### WHAT YOU HAVE TO DO
Every entry should be returned exactly. Omit none of them.

### LISTED ENTRIES
☆ ☆ ☆ ☆ ☆
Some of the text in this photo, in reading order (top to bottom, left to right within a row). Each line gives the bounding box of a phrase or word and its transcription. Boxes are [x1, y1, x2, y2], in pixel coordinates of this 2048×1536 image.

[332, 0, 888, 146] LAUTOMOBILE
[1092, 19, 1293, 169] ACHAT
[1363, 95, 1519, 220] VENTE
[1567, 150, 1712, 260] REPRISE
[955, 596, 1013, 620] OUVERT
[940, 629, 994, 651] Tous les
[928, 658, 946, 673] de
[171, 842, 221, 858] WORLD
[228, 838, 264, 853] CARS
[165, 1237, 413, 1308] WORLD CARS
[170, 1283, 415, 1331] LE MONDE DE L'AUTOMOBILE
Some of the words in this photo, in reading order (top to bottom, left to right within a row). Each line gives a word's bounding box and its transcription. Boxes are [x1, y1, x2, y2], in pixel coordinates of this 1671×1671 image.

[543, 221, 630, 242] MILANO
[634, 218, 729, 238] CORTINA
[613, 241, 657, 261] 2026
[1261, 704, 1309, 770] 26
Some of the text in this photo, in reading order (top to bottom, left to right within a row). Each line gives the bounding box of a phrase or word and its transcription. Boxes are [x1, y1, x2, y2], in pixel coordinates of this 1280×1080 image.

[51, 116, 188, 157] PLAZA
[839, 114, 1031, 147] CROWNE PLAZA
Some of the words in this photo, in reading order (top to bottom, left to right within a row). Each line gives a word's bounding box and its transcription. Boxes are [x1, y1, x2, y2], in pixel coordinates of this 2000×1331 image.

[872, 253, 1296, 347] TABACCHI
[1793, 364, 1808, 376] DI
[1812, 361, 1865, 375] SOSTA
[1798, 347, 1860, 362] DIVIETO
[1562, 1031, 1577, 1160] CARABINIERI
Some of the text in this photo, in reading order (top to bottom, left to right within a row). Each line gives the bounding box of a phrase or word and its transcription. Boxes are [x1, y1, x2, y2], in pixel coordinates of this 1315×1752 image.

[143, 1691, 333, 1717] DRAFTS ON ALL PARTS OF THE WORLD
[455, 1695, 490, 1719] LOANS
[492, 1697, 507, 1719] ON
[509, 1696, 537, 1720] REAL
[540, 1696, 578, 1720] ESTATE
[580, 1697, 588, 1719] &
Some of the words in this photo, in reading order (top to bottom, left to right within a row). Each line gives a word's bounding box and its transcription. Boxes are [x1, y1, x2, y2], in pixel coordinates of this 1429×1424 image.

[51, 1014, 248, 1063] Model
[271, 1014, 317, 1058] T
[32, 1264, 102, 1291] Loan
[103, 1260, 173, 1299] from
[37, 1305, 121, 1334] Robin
☆ ☆ ☆ ☆ ☆
### WRITTEN SOLUTION
Some of the text in this photo, in reading order (top to bottom, left to right within a row). Each line gives the bounding box of a phrase or word and its transcription. Boxes are [x1, y1, x2, y2], in pixel coordinates of this 2048×1536 image.

[332, 0, 888, 146] LAUTOMOBILE
[1092, 19, 1293, 169] ACHAT
[1363, 95, 1519, 220] VENTE
[1567, 150, 1712, 260] REPRISE
[955, 596, 1013, 620] OUVERT
[940, 629, 994, 651] Tous les
[928, 658, 946, 673] de
[171, 842, 221, 858] WORLD
[228, 838, 264, 853] CARS
[165, 1237, 413, 1308] WORLD CARS
[170, 1283, 415, 1331] LE MONDE DE L'AUTOMOBILE
Some of the words in this photo, in reading order (top to bottom, left to right within a row). Each line gives a word's bounding box and its transcription. Boxes are [x1, y1, x2, y2], in pixel coordinates of this 1671×1671 image.

[543, 221, 630, 242] MILANO
[634, 218, 729, 238] CORTINA
[613, 241, 657, 261] 2026
[1261, 704, 1309, 770] 26
Some of the text in this photo, in reading order (top to bottom, left to right within a row). Each line gives the bounding box of a phrase or word and its transcription. Boxes are [x1, y1, x2, y2], in pixel coordinates of this 1280×1080 image.

[51, 116, 188, 157] PLAZA
[839, 114, 1031, 147] CROWNE PLAZA
Some of the words in this photo, in reading order (top to bottom, left to right within a row). Each line gives a word's bounding box and its transcription. Boxes are [x1, y1, x2, y2], in pixel coordinates of this 2000×1331 image.

[872, 253, 1296, 347] TABACCHI
[1793, 364, 1808, 376] DI
[1812, 361, 1865, 375] SOSTA
[1798, 347, 1860, 362] DIVIETO
[1562, 1031, 1577, 1160] CARABINIERI
Some of the text in this photo, in reading order (top to bottom, left to right within a row). Each line gives the bounding box of a phrase or word and its transcription. Boxes are [x1, y1, x2, y2], in pixel coordinates of this 1315×1752 image.

[143, 1691, 333, 1717] DRAFTS ON ALL PARTS OF THE WORLD
[455, 1695, 490, 1719] LOANS
[492, 1697, 507, 1719] ON
[509, 1696, 537, 1720] REAL
[540, 1696, 578, 1720] ESTATE
[580, 1697, 588, 1719] &
Some of the words in this photo, in reading order (top to bottom, left to right within a row). Each line gives a word's bounding box and its transcription. Boxes are [x1, y1, x2, y2], in pixel coordinates of this 1429×1424 image.

[51, 1014, 248, 1063] Model
[271, 1014, 317, 1058] T
[32, 1264, 102, 1291] Loan
[103, 1260, 173, 1299] from
[37, 1305, 121, 1334] Robin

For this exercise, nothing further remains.